**Aim of the exercise**
Please print out the entries below unchanged and skip the images.

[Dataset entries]
------------------------------------------------------------
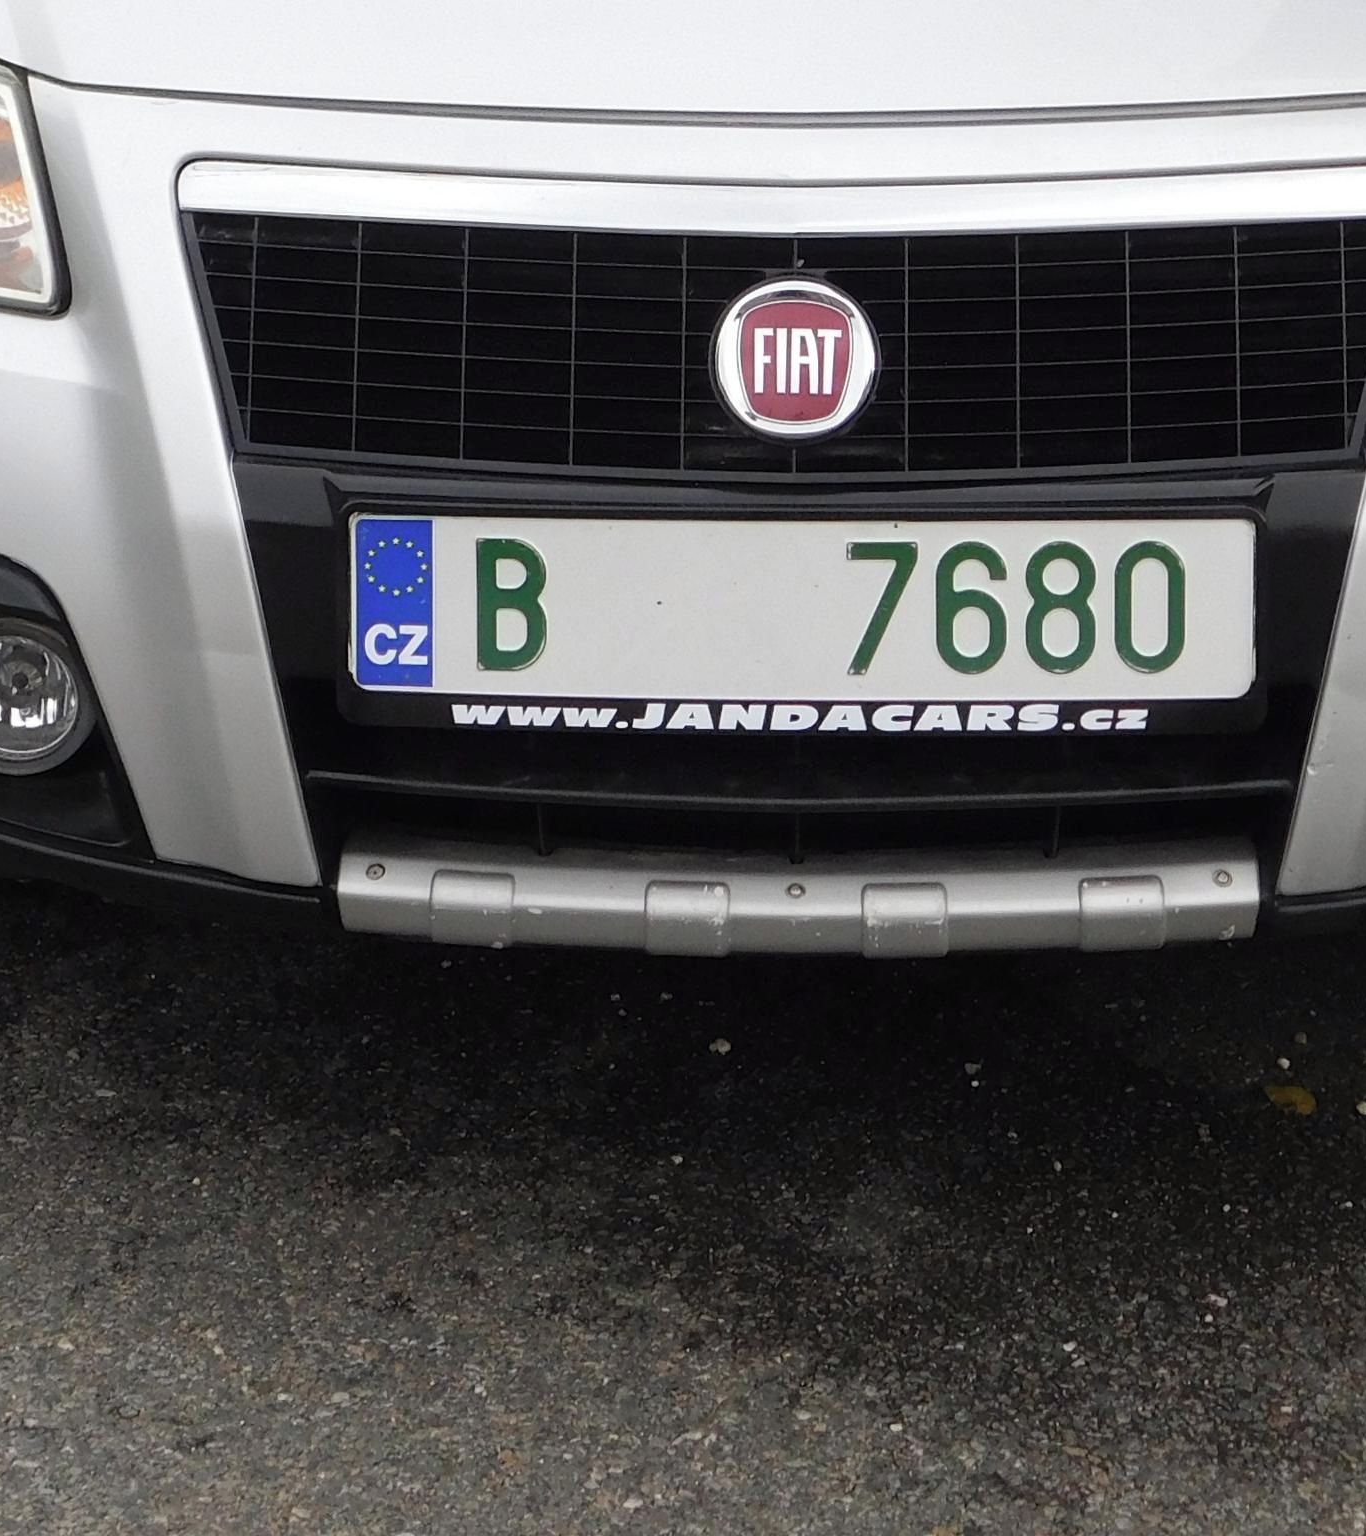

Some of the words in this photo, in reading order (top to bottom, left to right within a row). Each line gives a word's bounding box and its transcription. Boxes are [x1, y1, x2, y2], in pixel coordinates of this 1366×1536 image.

[754, 327, 843, 395] FIAT
[476, 538, 546, 671] B
[846, 540, 1186, 675] 7680
[363, 624, 429, 666] CZ
[450, 704, 1149, 732] www.JANDACARS.cz
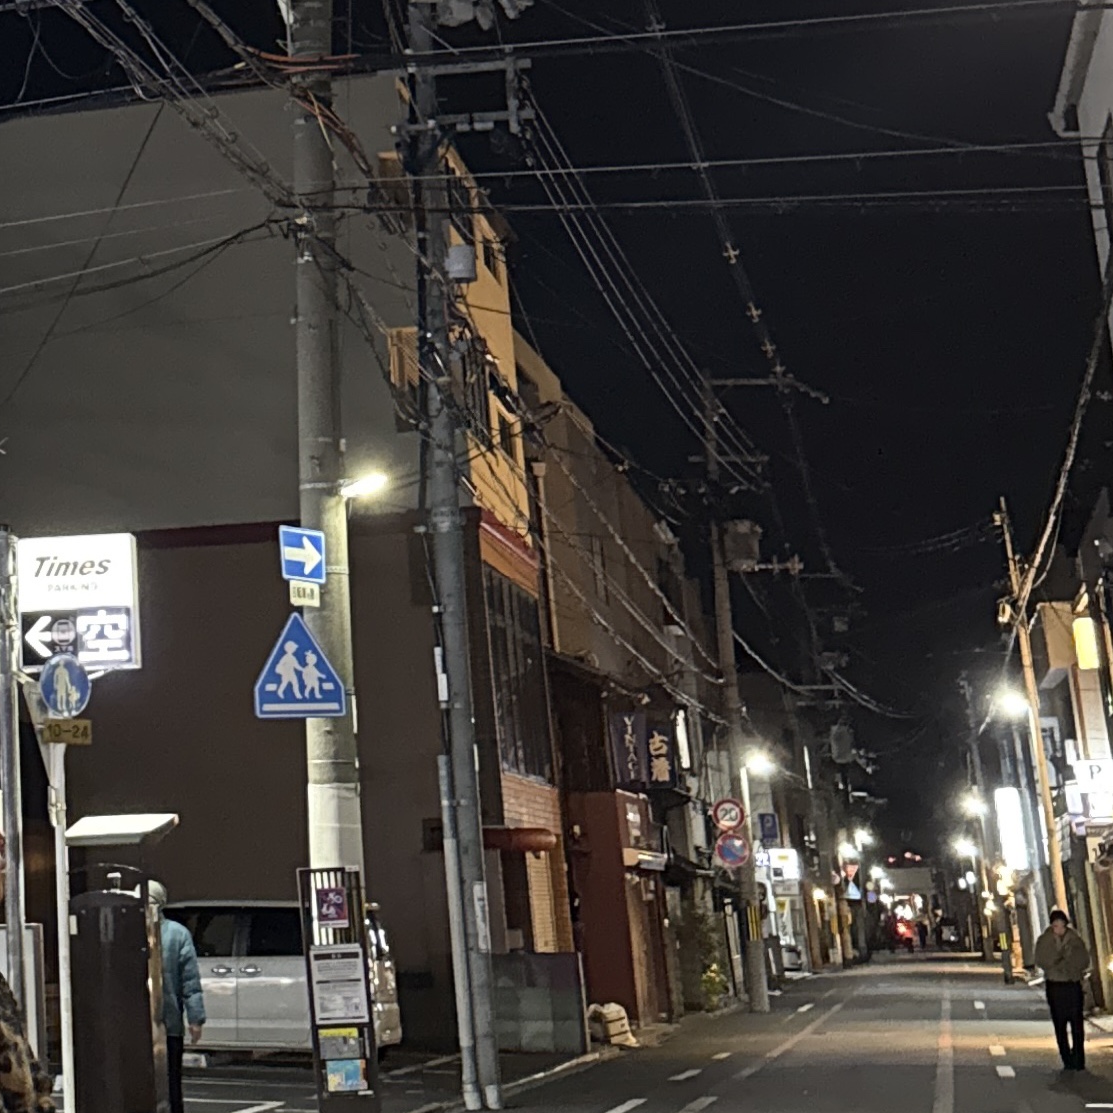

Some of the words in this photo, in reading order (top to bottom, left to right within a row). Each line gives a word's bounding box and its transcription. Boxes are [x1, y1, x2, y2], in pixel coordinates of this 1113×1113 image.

[34, 556, 111, 577] Times
[47, 582, 98, 592] PARKNG
[76, 609, 130, 662] 空
[720, 807, 738, 823] 20
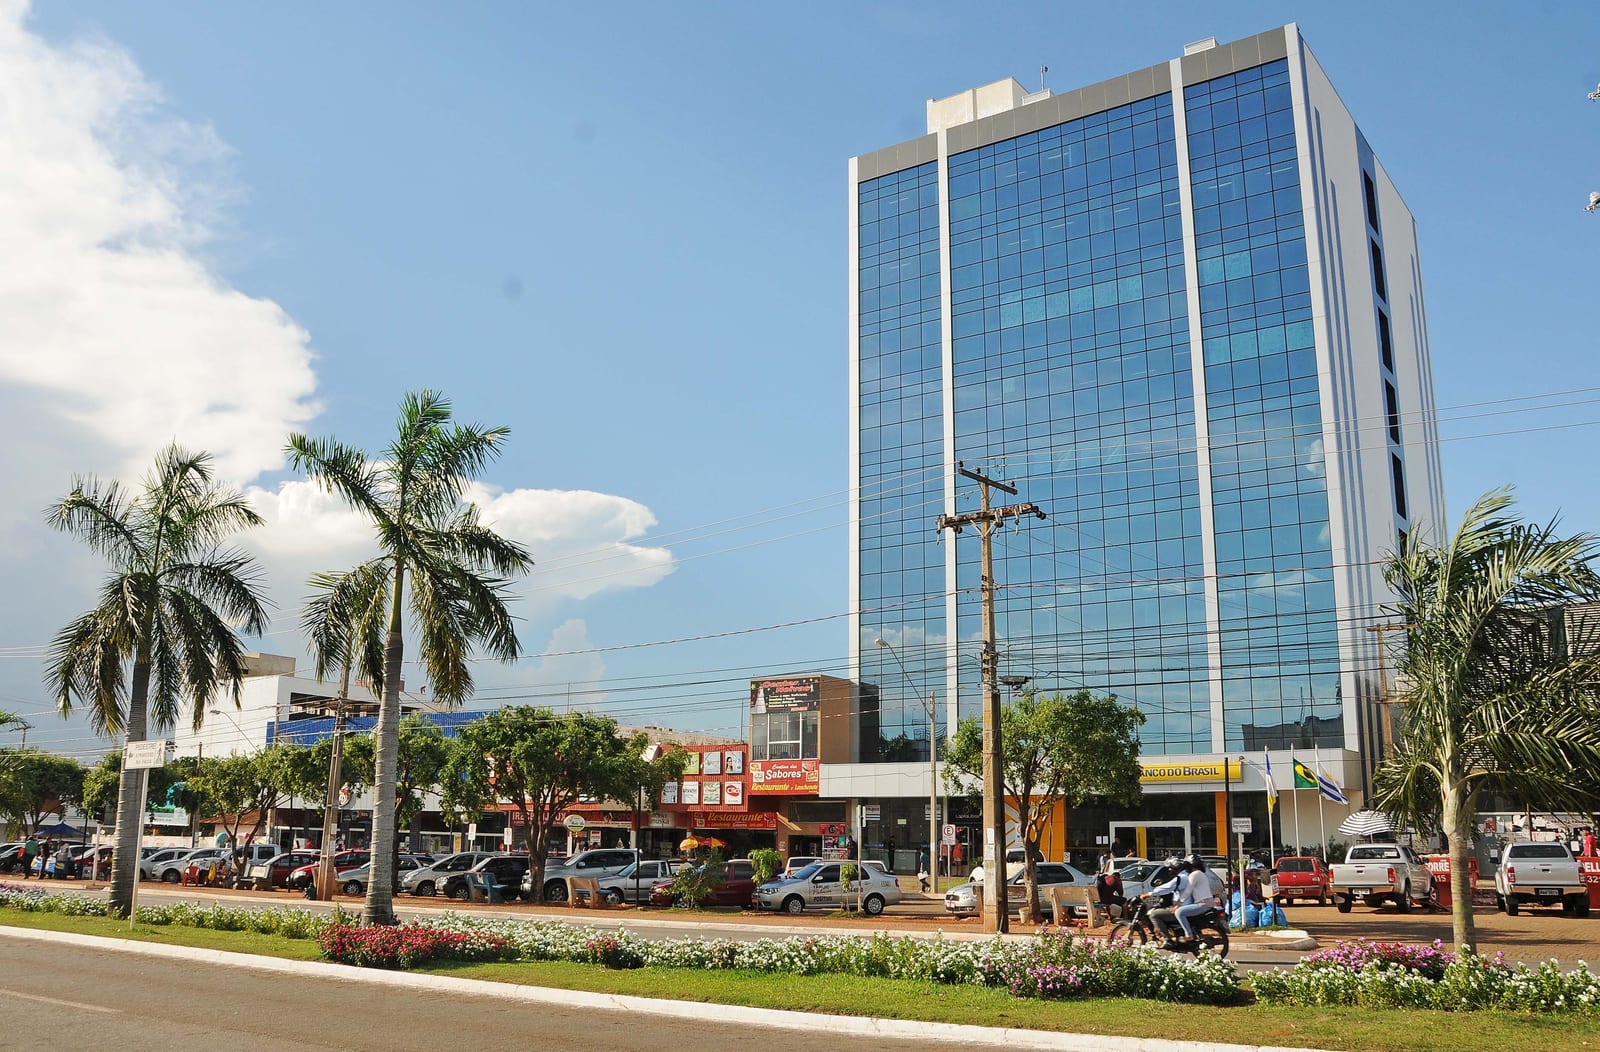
------------------------------------------------------------
**Exercise answer**
Some of the words in this photo, in reading order (top to bottom, left to right within a row). Each line gives a word's bounding box and its transcription. Boxes are [x1, y1, x2, y2], in pixel coordinates of this 1366×1536 image.

[754, 327, 843, 395] FIAT
[476, 538, 546, 671] B
[846, 540, 1186, 675] 7680
[363, 624, 429, 666] CZ
[450, 704, 1149, 732] www.JANDACARS.cz

Some of the words in this photo, in reading order (top to bottom, left to right within a row). Each line gives a word's bounding box and its transcription. Boxes are [x1, y1, x2, y2], in pixel coordinates of this 1113×1113 image.

[34, 556, 111, 577] Times
[47, 582, 98, 592] PARKNG
[76, 609, 130, 662] 空
[720, 807, 738, 823] 20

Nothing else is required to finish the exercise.